Your task: An exact copy of all records is expected, minus the images.
· · · · · · ·
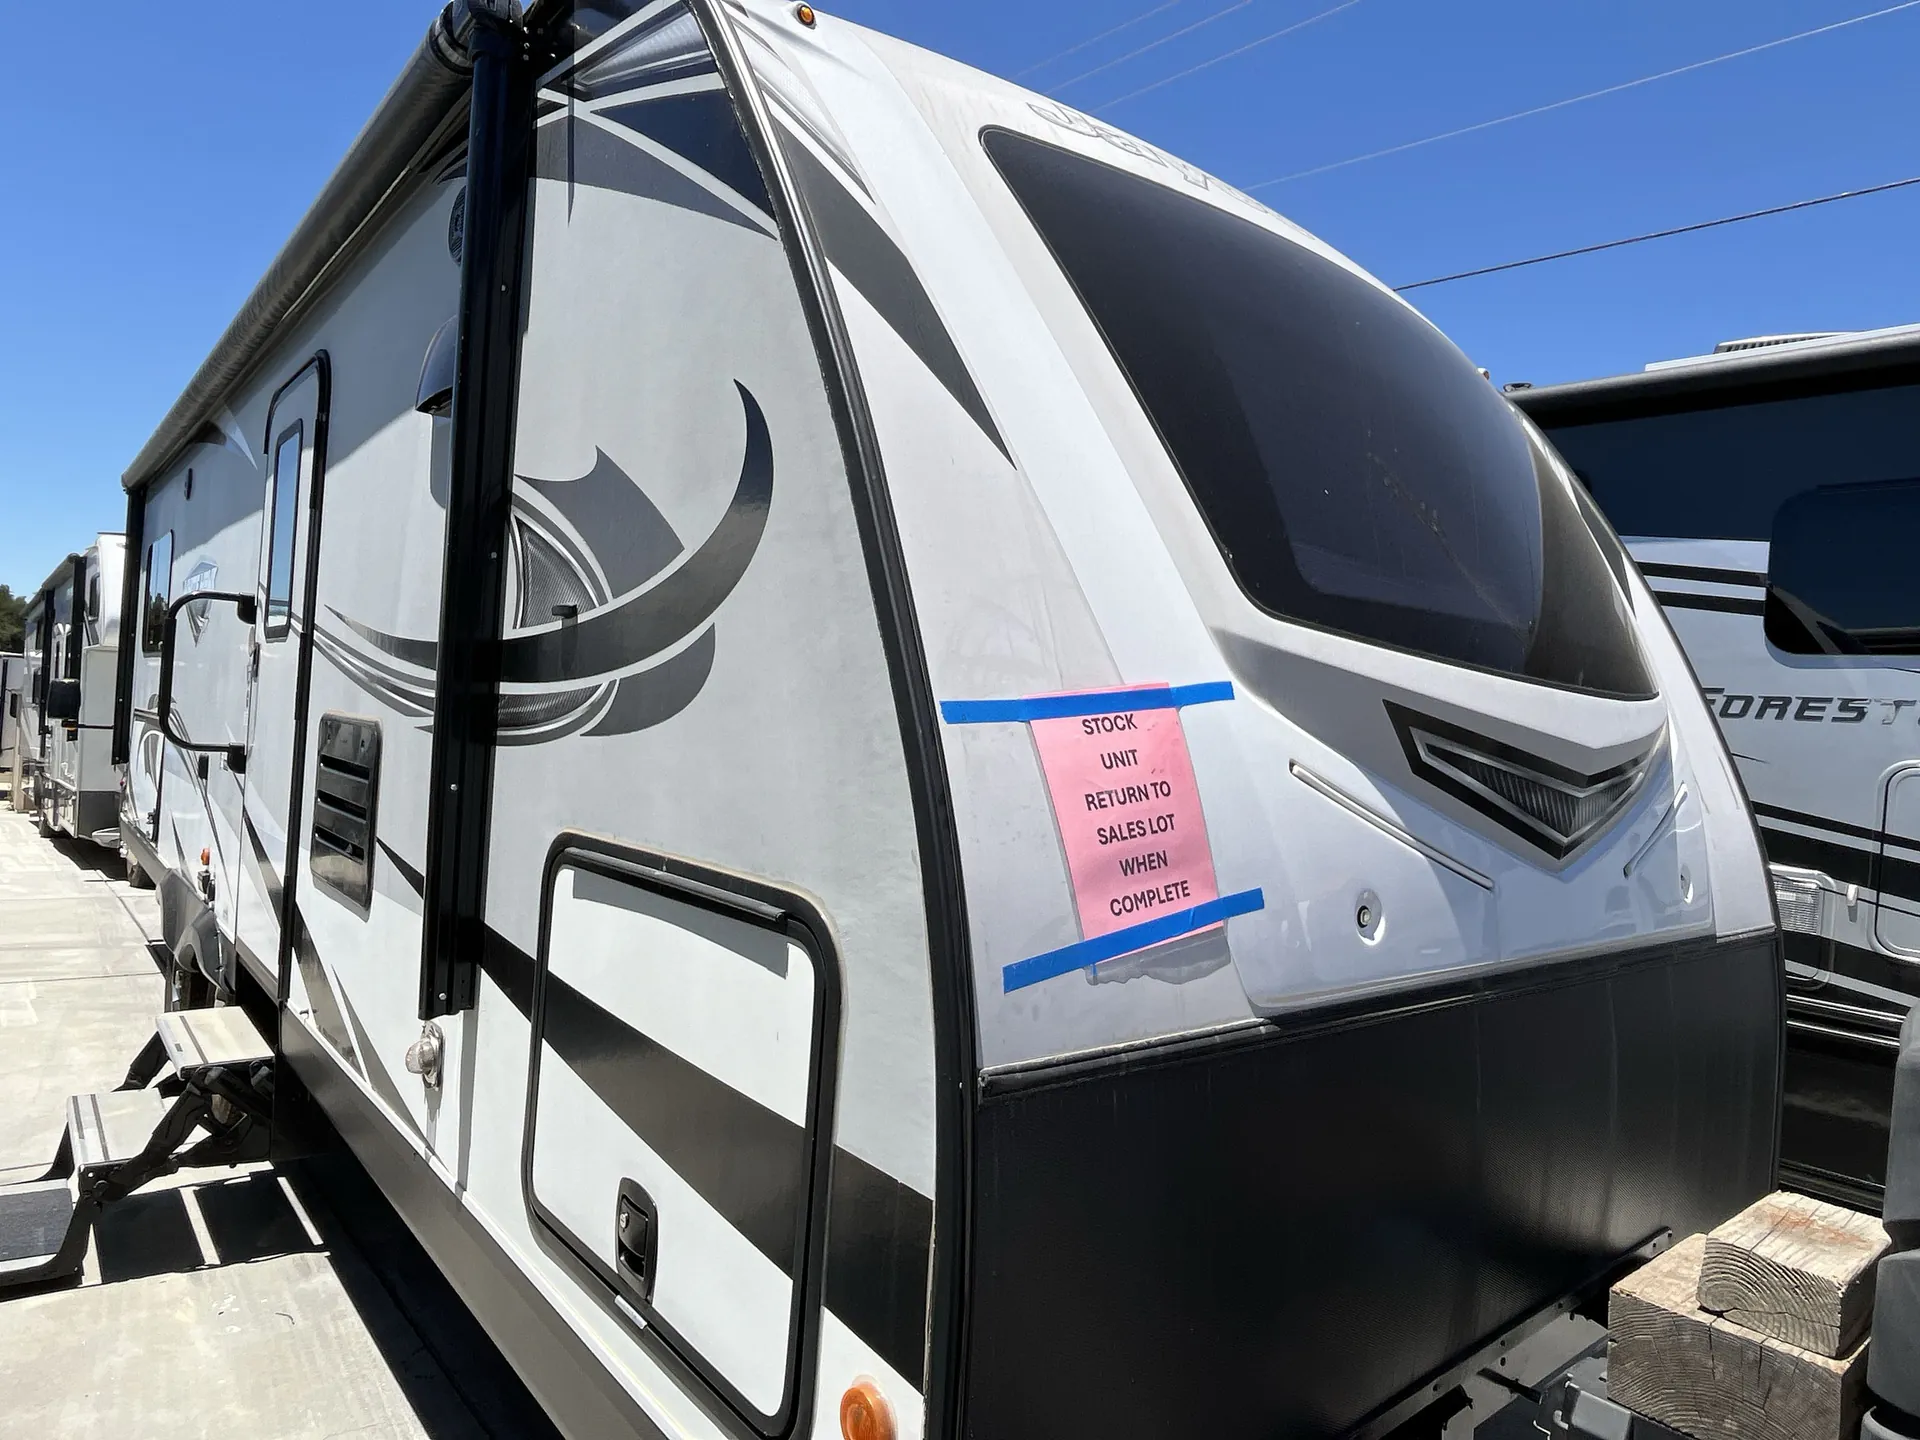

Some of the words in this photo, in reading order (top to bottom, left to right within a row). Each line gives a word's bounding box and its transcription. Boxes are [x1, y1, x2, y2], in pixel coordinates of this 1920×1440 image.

[1702, 687, 1920, 726] FOREST
[1082, 713, 1138, 736] STOCK
[1100, 749, 1138, 770] UNIT
[1084, 784, 1150, 811] RETURN
[1150, 780, 1171, 799] TO
[1096, 820, 1147, 845] SALES
[1149, 813, 1176, 835] LOT
[1119, 850, 1168, 877] WHEN
[1110, 880, 1190, 917] COMPLETE
· · · · · · ·
Expected answer:
Some of the words in this photo, in reading order (top to bottom, left to right within a row). Each line gives a word's bounding box and its transcription. Boxes are [x1, y1, x2, y2], in pixel coordinates of this 1920×1440 image.

[1702, 687, 1920, 726] FOREST
[1082, 713, 1138, 736] STOCK
[1100, 749, 1138, 770] UNIT
[1084, 784, 1150, 811] RETURN
[1150, 780, 1171, 799] TO
[1096, 820, 1147, 845] SALES
[1149, 813, 1176, 835] LOT
[1119, 850, 1168, 877] WHEN
[1110, 880, 1190, 917] COMPLETE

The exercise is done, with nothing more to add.